What you will do: Reproduce every line of the material below, but drop the pictures.

::::::::

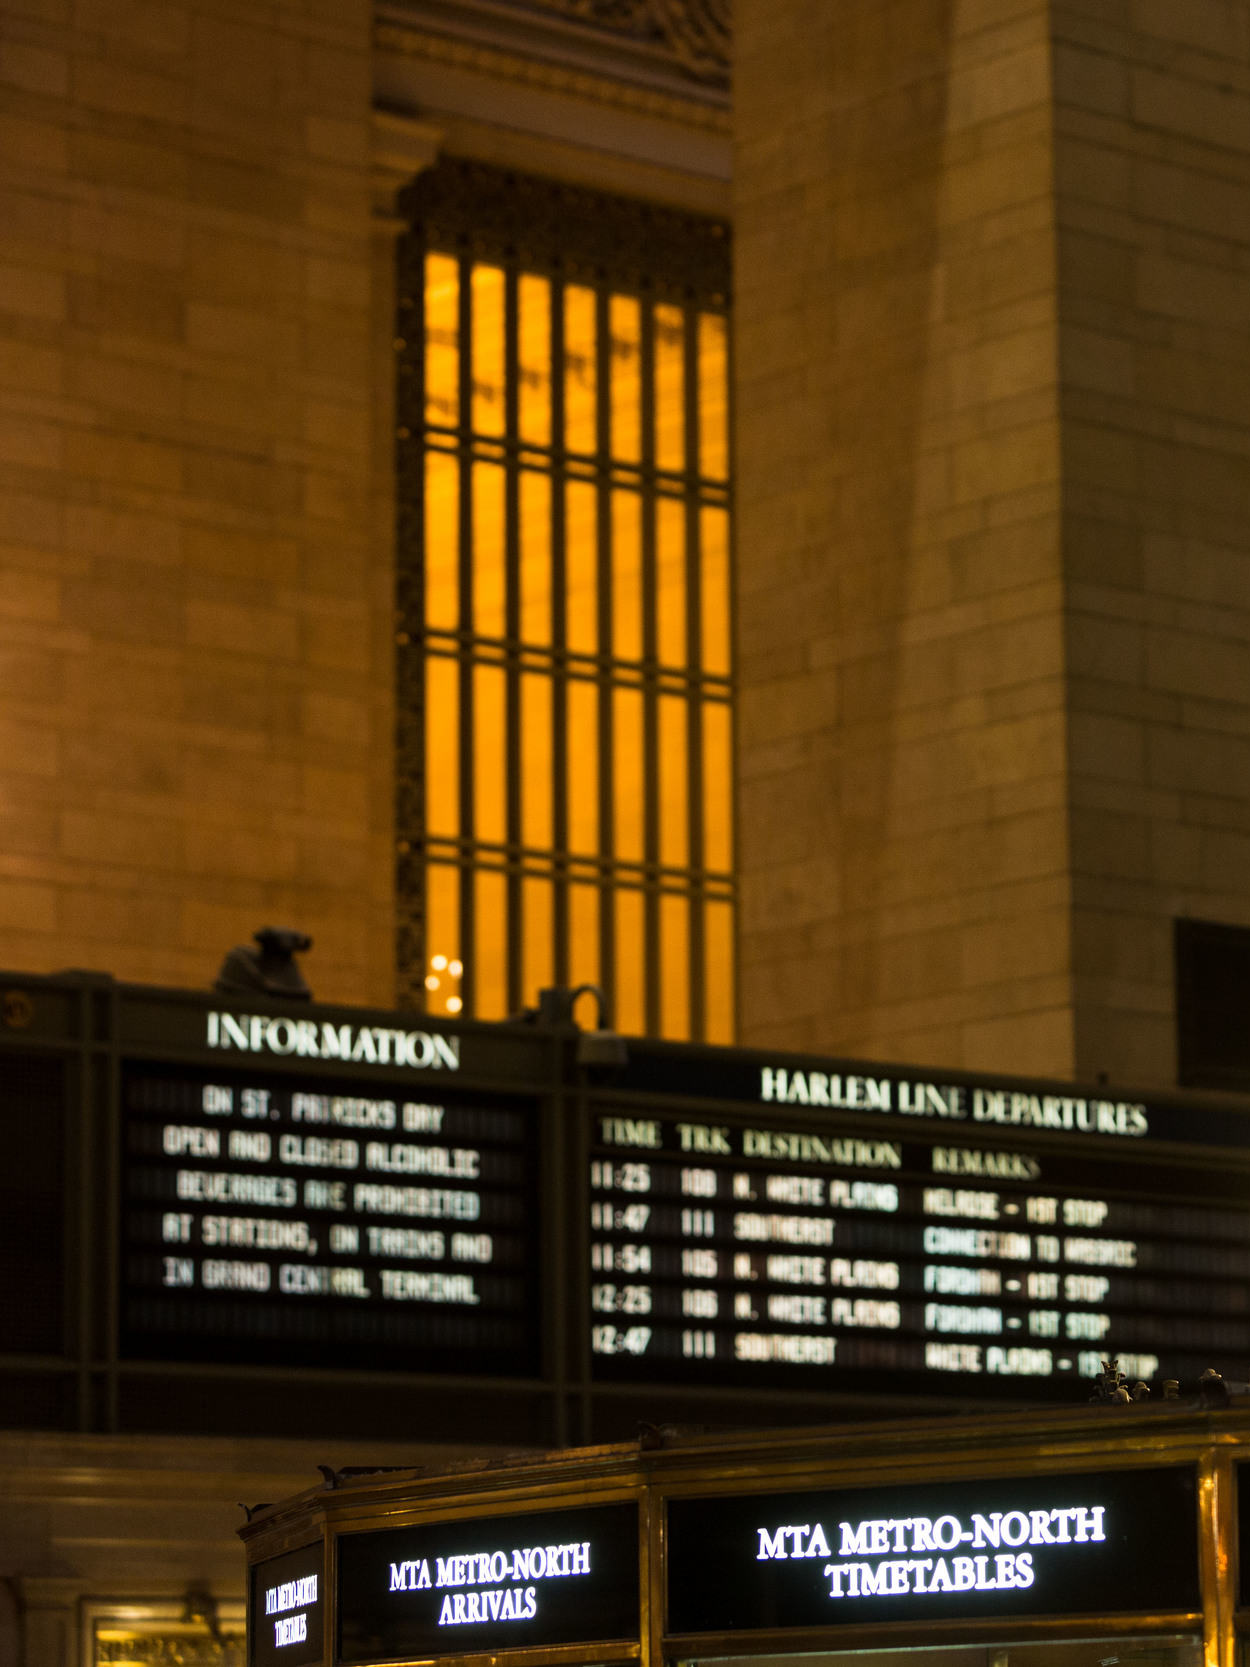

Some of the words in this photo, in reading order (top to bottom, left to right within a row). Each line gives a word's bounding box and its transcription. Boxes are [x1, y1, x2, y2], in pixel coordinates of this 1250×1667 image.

[207, 1011, 460, 1070] INFORMATION
[202, 1085, 233, 1115] ON
[241, 1088, 280, 1120] ST.
[402, 1102, 445, 1134] DAY
[760, 1066, 892, 1113] HARLEM
[898, 1081, 968, 1120] LINE
[972, 1088, 1149, 1137] DEPARTURES
[163, 1125, 220, 1158] OPEN
[229, 1130, 271, 1162] AND
[279, 1134, 359, 1169] CLOSED
[365, 1141, 480, 1179] ALCOHOLIC
[601, 1117, 662, 1149] TIME
[677, 1123, 731, 1155] TRK
[742, 1129, 902, 1169] DESTINATION
[932, 1146, 1042, 1181] REMARKS
[176, 1169, 297, 1207] BEVERAGES
[304, 1179, 347, 1211] ARE
[354, 1182, 480, 1220] PROHIBITED
[591, 1161, 651, 1193] 11:25
[766, 1175, 825, 1207] WHITE
[829, 1179, 899, 1213] PLAINS
[923, 1187, 1000, 1221] MELROSE
[1026, 1196, 1058, 1225] 1ST
[1063, 1198, 1108, 1228] STOP
[162, 1212, 193, 1243] AT
[329, 1224, 359, 1254] ON
[367, 1226, 445, 1259] TRAINS
[451, 1232, 493, 1264] AND
[591, 1202, 651, 1233] 11:47
[733, 1212, 836, 1247] SOUTHEAST
[923, 1226, 1032, 1261] CONNECTION
[1036, 1235, 1060, 1263] TO
[162, 1257, 194, 1287] IN
[202, 1259, 271, 1292] GRAND
[279, 1264, 371, 1298] CENTRAL
[379, 1269, 480, 1305] TERMINAL
[591, 1243, 652, 1274] 11:54
[766, 1254, 826, 1286] WHITE
[830, 1257, 900, 1290] PLAINS
[1027, 1272, 1060, 1300] 1ST
[1064, 1274, 1110, 1303] STOP
[592, 1283, 652, 1315] 12:25
[767, 1294, 827, 1326] WHITE
[831, 1297, 900, 1330] PLAINS
[1028, 1309, 1061, 1338] 1ST
[1065, 1311, 1111, 1341] STOP
[592, 1324, 652, 1356] 12:47
[734, 1332, 838, 1366] SOUTHEAST
[925, 1342, 983, 1373] WHITE
[986, 1345, 1053, 1376] PLAINS
[756, 1523, 831, 1560] MTA
[838, 1506, 1106, 1555] METRO-NORTH
[389, 1559, 432, 1591] MTA
[435, 1542, 591, 1587] METRO-NORTH
[824, 1552, 1035, 1598] TIMETABLES
[438, 1586, 537, 1626] ARRIVALS

::::::::

Problem solution:
Some of the words in this photo, in reading order (top to bottom, left to right within a row). Each line gives a word's bounding box and its transcription. Boxes are [x1, y1, x2, y2], in pixel coordinates of this 1250×1667 image.

[207, 1011, 460, 1070] INFORMATION
[202, 1085, 233, 1115] ON
[241, 1088, 280, 1120] ST.
[402, 1102, 445, 1134] DAY
[760, 1066, 892, 1113] HARLEM
[898, 1081, 968, 1120] LINE
[972, 1088, 1149, 1137] DEPARTURES
[163, 1125, 220, 1158] OPEN
[229, 1130, 271, 1162] AND
[279, 1134, 359, 1169] CLOSED
[365, 1141, 480, 1179] ALCOHOLIC
[601, 1117, 662, 1149] TIME
[677, 1123, 731, 1155] TRK
[742, 1129, 902, 1169] DESTINATION
[932, 1146, 1042, 1181] REMARKS
[176, 1169, 297, 1207] BEVERAGES
[304, 1179, 347, 1211] ARE
[354, 1182, 480, 1220] PROHIBITED
[591, 1161, 651, 1193] 11:25
[766, 1175, 825, 1207] WHITE
[829, 1179, 899, 1213] PLAINS
[923, 1187, 1000, 1221] MELROSE
[1026, 1196, 1058, 1225] 1ST
[1063, 1198, 1108, 1228] STOP
[162, 1212, 193, 1243] AT
[329, 1224, 359, 1254] ON
[367, 1226, 445, 1259] TRAINS
[451, 1232, 493, 1264] AND
[591, 1202, 651, 1233] 11:47
[733, 1212, 836, 1247] SOUTHEAST
[923, 1226, 1032, 1261] CONNECTION
[1036, 1235, 1060, 1263] TO
[162, 1257, 194, 1287] IN
[202, 1259, 271, 1292] GRAND
[279, 1264, 371, 1298] CENTRAL
[379, 1269, 480, 1305] TERMINAL
[591, 1243, 652, 1274] 11:54
[766, 1254, 826, 1286] WHITE
[830, 1257, 900, 1290] PLAINS
[1027, 1272, 1060, 1300] 1ST
[1064, 1274, 1110, 1303] STOP
[592, 1283, 652, 1315] 12:25
[767, 1294, 827, 1326] WHITE
[831, 1297, 900, 1330] PLAINS
[1028, 1309, 1061, 1338] 1ST
[1065, 1311, 1111, 1341] STOP
[592, 1324, 652, 1356] 12:47
[734, 1332, 838, 1366] SOUTHEAST
[925, 1342, 983, 1373] WHITE
[986, 1345, 1053, 1376] PLAINS
[756, 1523, 831, 1560] MTA
[838, 1506, 1106, 1555] METRO-NORTH
[389, 1559, 432, 1591] MTA
[435, 1542, 591, 1587] METRO-NORTH
[824, 1552, 1035, 1598] TIMETABLES
[438, 1586, 537, 1626] ARRIVALS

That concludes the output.